You’ve got a big ILT session coming up, and you want all of your learners to know some essential terms and definitions before getting started. Some are old hands and some are newbies. You shoot out a short five-minute video that hits all the highlights. The video gets your learners in the zone, introduces the information, and covers some need-to-know terms and definitions. By the time your learners get to their ILT session, they’re prepped and ready to dig deeper.

There are other options, of course. Pre-learning can take a variety of forms, from text-based PDFs to short learning games or interactive animations. The form doesn’t matter as much as answering three questions:

  • What does my learner need to know before the actual learning session?
  • When does my learner need to know it?
  • Where will my learner be accessing this pre-learning?

Once you have the answers to these questions, you can design a microlearning solution that hits these answers out of the ballpark.
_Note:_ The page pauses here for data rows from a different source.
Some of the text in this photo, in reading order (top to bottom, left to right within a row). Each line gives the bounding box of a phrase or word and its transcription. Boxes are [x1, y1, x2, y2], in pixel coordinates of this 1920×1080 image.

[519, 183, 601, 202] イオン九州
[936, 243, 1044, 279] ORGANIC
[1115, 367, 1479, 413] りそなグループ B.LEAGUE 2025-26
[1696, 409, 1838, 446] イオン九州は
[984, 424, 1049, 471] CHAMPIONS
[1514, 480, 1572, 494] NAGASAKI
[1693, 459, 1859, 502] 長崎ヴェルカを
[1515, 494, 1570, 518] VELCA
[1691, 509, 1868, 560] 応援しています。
Use learning bursts to introduce new ideas

Your sales reps are crazy busy, but you have a new sales technique that you think will completely change how your company wins sales. So, you get a subject matter expert together with a great instructional designer and you create five 8-minute podcasts. Every morning for five days, right before your reps get on the road, you fire out the podcast along with a quick-reference, actionable PDF. The podcasts can either build on each other or demonstrate different ways to apply the same technique.
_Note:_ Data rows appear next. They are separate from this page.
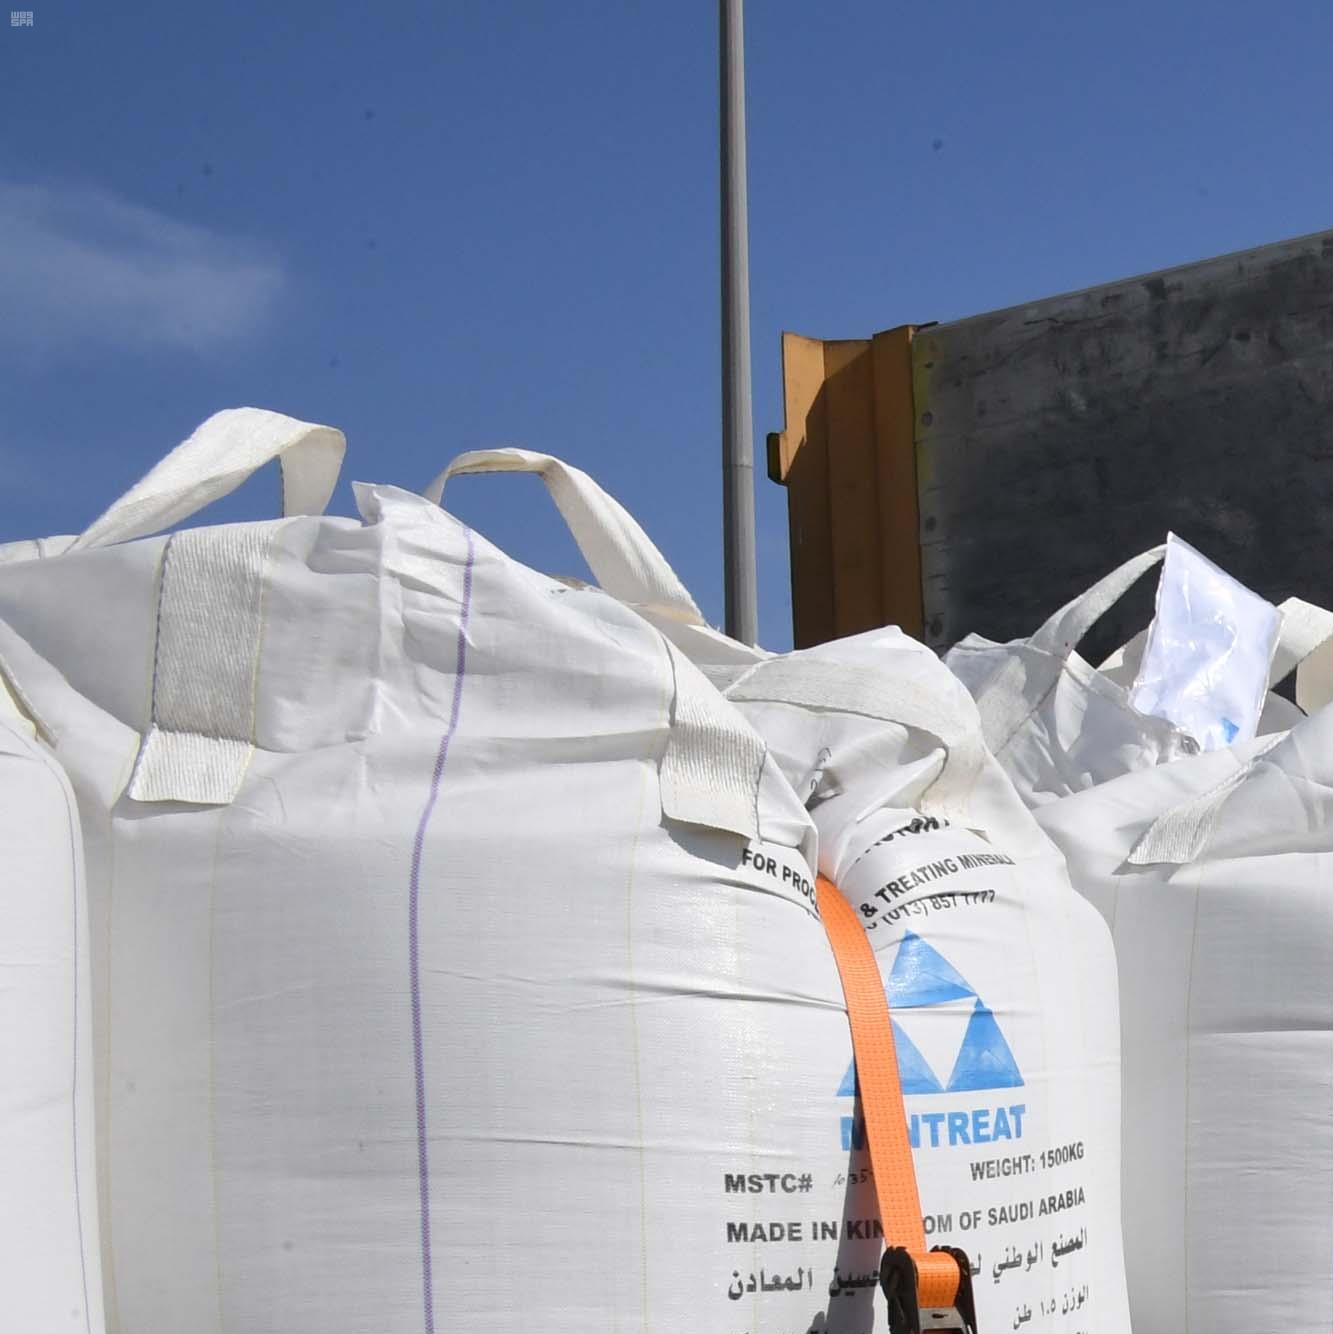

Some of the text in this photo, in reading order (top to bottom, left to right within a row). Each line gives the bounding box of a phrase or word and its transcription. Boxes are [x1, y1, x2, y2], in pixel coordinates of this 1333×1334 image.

[742, 848, 777, 877] FOR
[860, 902, 879, 918] &
[875, 858, 959, 904] TREATING
[970, 1141, 1084, 1181] WEIGHT: 1500KG
[724, 1173, 813, 1194] MSTC#
[727, 1221, 803, 1243] MADE
[812, 1220, 837, 1241] IN
[959, 1210, 982, 1231] OF
[988, 1201, 1034, 1226] SAUDI
[1038, 1186, 1086, 1217] ARABIA
[992, 1240, 1044, 1284] الوطني
[1051, 1226, 1088, 1268] المصنع
[728, 1266, 813, 1301] المعادن
[1062, 1284, 1089, 1315] الوزن
[1013, 1303, 1032, 1330] طن
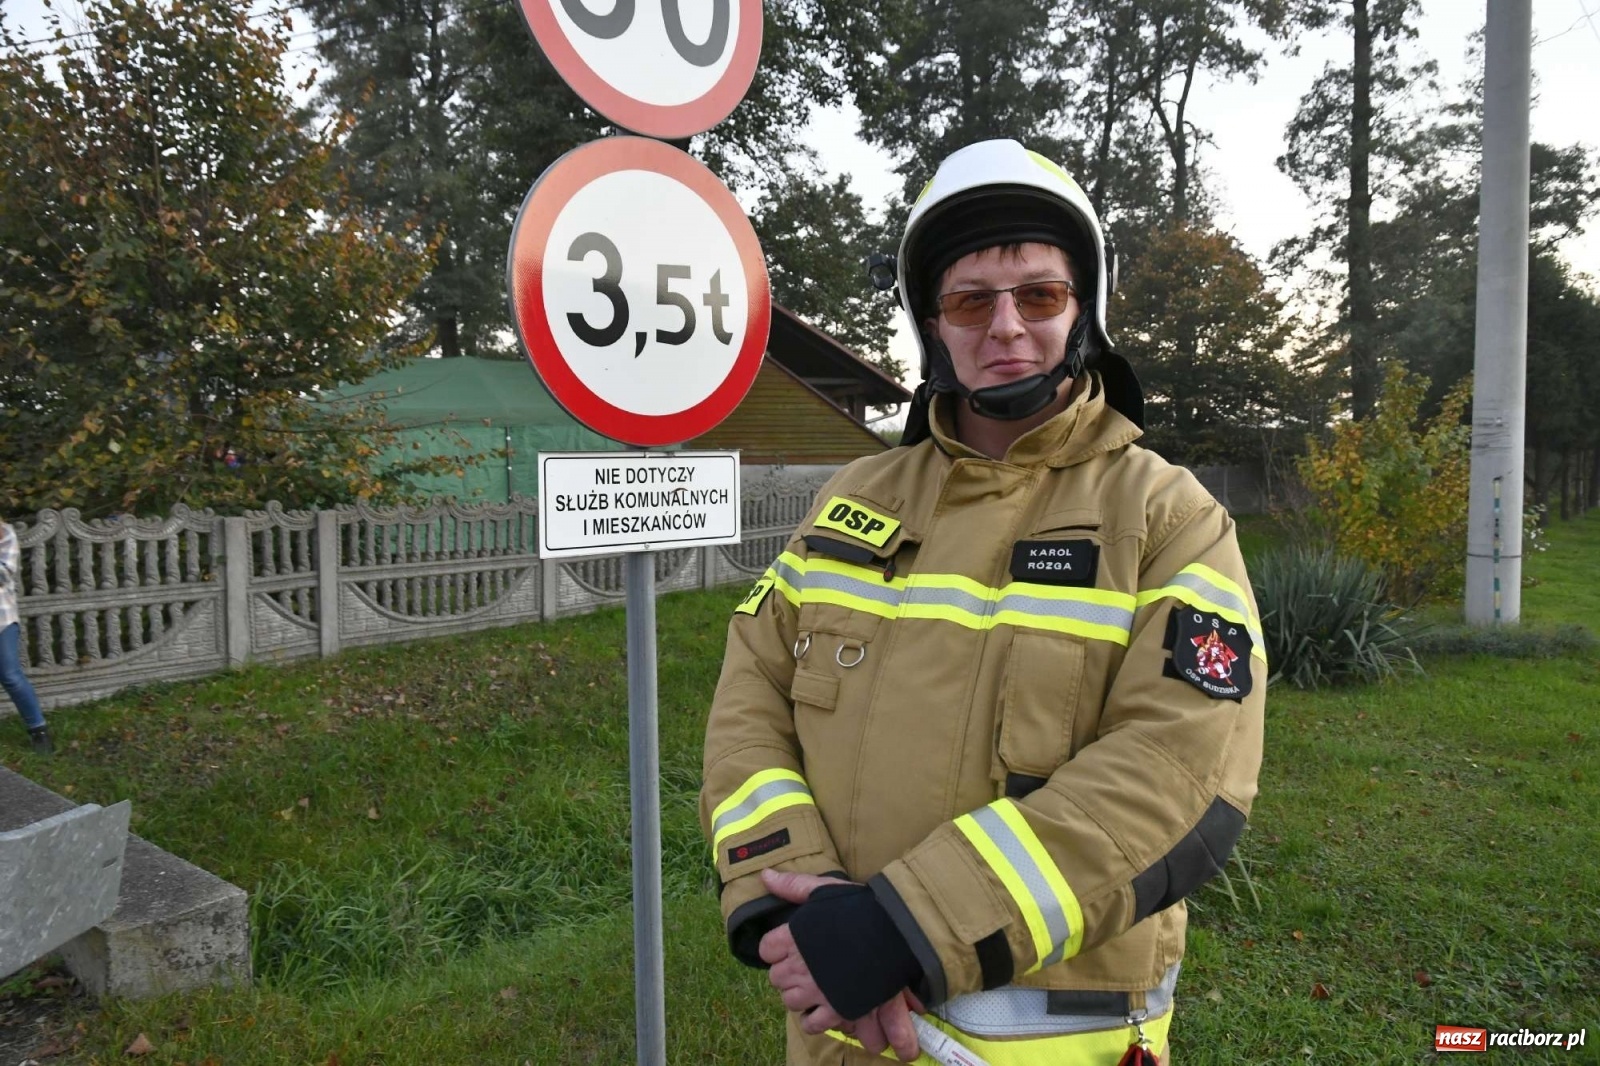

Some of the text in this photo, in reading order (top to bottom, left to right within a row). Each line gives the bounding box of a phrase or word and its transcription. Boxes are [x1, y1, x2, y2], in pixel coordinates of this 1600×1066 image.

[595, 466, 696, 485] NIE DOTYCZY
[555, 488, 729, 512] SŁUŻB KOMUNALNYCH
[583, 510, 707, 536] I MIESZKAŃCÓW
[827, 503, 886, 536] OSP
[1029, 548, 1073, 557] KAROL
[1185, 668, 1201, 682] OSP
As with pre-learning, the actual form and length of the learning bursts is flexible, but most instructional designers agree that the strongest learning bursts are quick audio shorts with an accompanying reference aid.

These bursts are often a series of short topics that work toward an overall learning goal. And they’re even more effective if you create a space for learners to discuss what they’ve learned with coaches or peers.

Reinforce earlier learning to increase retention

You’re onboarding a new hire to your company. This new hire gets hit with a lot of information in the first week—and there are some tasks and processes that they won’t use until months later. In response, you create a series of short videos that each cover a process or task new hires need to remember at a later date. Then you put these videos in an easily-accessed online library. Whenever a new hire has a question or struggles to remember a process or task, they can access the library and watch the refresher video.

Rather than let the forgetting curve do its dastardly work, we save thousands of dollars by bending that curve back up with some practical learning reinforcement. Whenever that curve starts bending back down again, the learner can repeat the process—all in just a handful of minutes.

This increases employee confidence, leads to less turn over, and decreases the dollars spent on onboarding. Boom.

When you should use microlearning

OK, we’ve established that microlearning can be invaluable for your learners and your business. Microlearning has a lot of benefits, and it can be tempting to transform all our learning into bite-sized segments. But microlearning isn’t a magical fix for all your learning problems—it’s meant to communicate information in a quick, concise, and to-the-point format. Enough to boost retention without taking time away from your employee’s job.

Before creating microlearning, it’s critical to think long term and always return to the learner-first mindset. To make microlearning that’s effective, step back, put yourself in your learner’s seat, and ask what would help your learner the most.

If microlearning is the answer, then what are you waiting for? Let’s make it happen.